İsrail tarafında kaygı yaratan bir diğer nokta da atılan roketlerin Kudüs ve Tel Aviv'in dış mahallelerine ulaşabiliyor olması.
Demir Kubbe, İsrail için ne kadar önemli?
Demir Kubbe, İsrail'in özellikle Gazze'den Hamas ve İslami Cihad tarafından atılan roketlerin can ve mal kaybına yol açmasını engelleme çabalarında önemli rol oynuyor.
Dönem dönem çatışmaların şiddetlendiği bu bölgede, özellikle İsrail'in güneyinde normal hayatın devam etmesi ve güvenliğin sağlanmasında kritik önem taşıdığı belirtiliyor.
Bu sistemi savunanlar, Demir Kubbe sayesinde İsrail'in kendisine yönelik tehdidi azalttığını ve özellikle 2010'larda gerilimin yükseldiği dönemlerde bu sayede kara harekatına gerek kalmadığını ifade ediyor.

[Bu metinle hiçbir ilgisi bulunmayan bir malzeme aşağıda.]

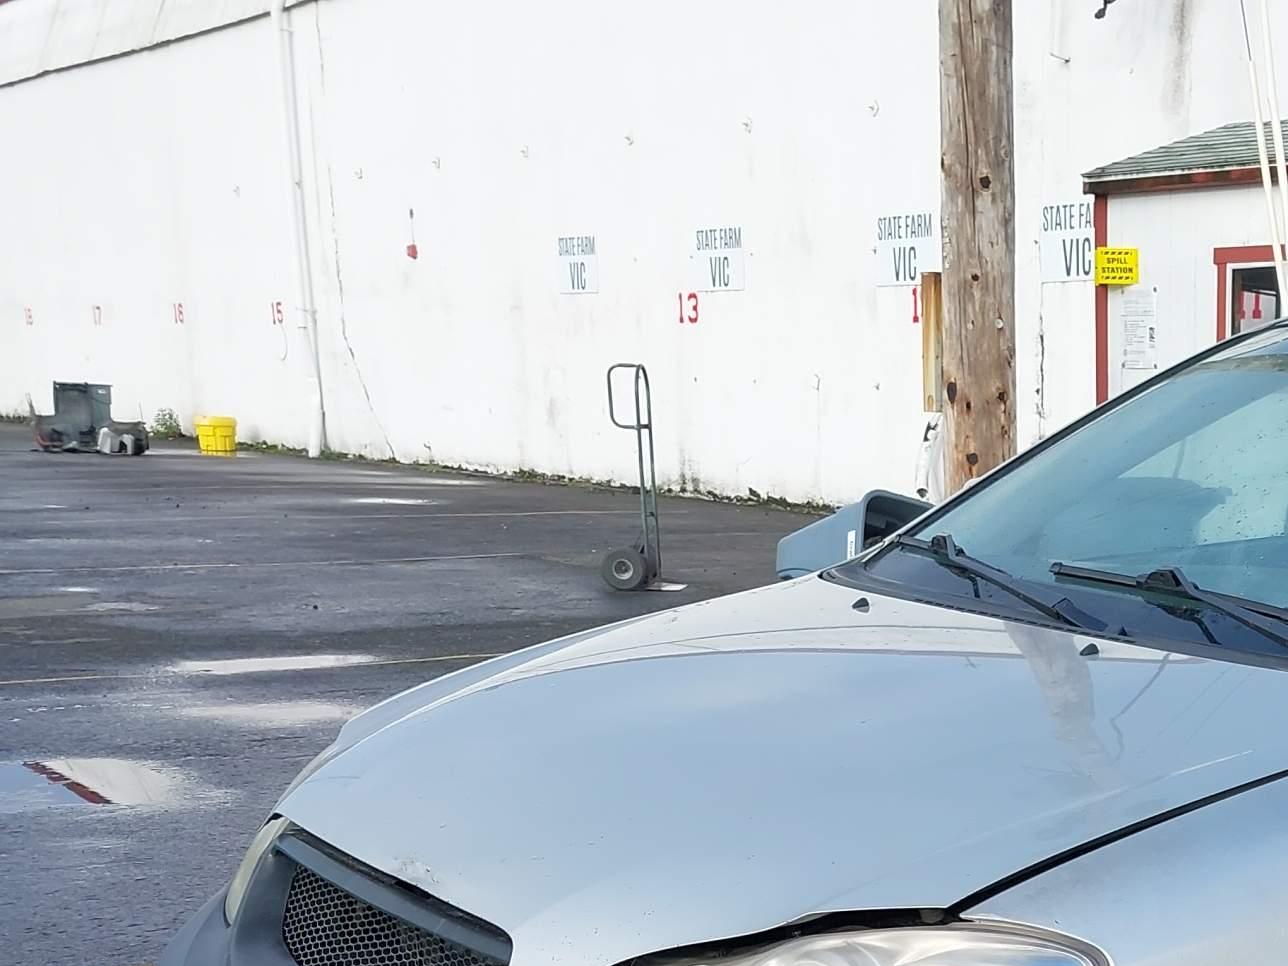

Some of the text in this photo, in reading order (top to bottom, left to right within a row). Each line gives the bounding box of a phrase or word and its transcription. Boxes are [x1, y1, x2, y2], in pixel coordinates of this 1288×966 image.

[877, 213, 932, 241] STATE FARM
[1042, 202, 1093, 232] STATE FA
[558, 235, 596, 256] STATE FARM
[696, 227, 742, 251] STATE FARM
[893, 246, 917, 282] VIC
[1062, 237, 1092, 277] VIC
[1101, 266, 1134, 274] STATION
[1106, 257, 1129, 265] SPILL
[569, 261, 587, 290] VIC
[710, 255, 730, 288] VIC
[271, 301, 284, 325] 15
[678, 292, 699, 324] 13
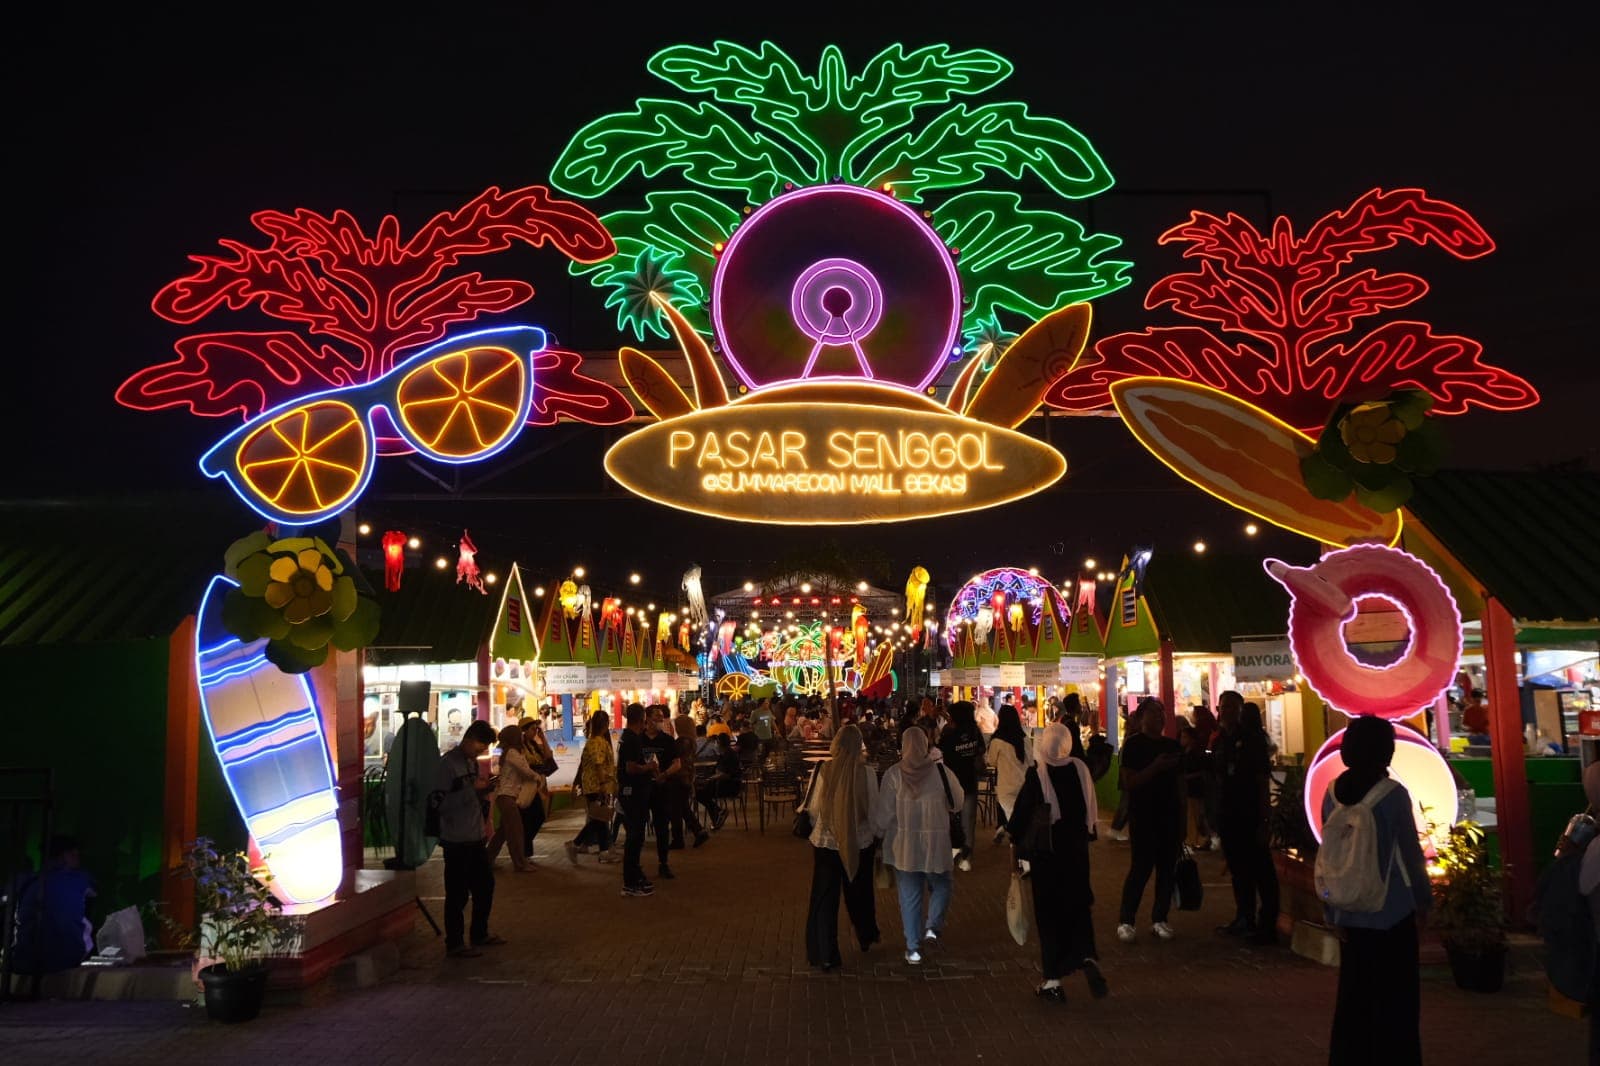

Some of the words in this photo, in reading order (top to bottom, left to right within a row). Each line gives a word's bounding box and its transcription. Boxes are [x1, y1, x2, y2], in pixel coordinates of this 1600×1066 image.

[669, 430, 809, 469] PASAR
[827, 430, 1006, 470] SENGGOL
[702, 472, 845, 493] @SUMMARECON
[850, 472, 902, 494] MALL
[904, 472, 967, 494] BEKASI
[1235, 654, 1291, 666] MAYORA

Ancak, İsrail'in Gazze'den gelen tehditler karşısında bu sisteme fazla güvendiği ve diğer güvenlik artırıcı önlemlere yeterince kaynak ayırmadığını düşünenler de var.
Bunların başında da roket saldırısı anlarında erken uyarı sisteminin yeterince etkin çalışmaması ve yeterli sayıda sığınak olmaması geliyor.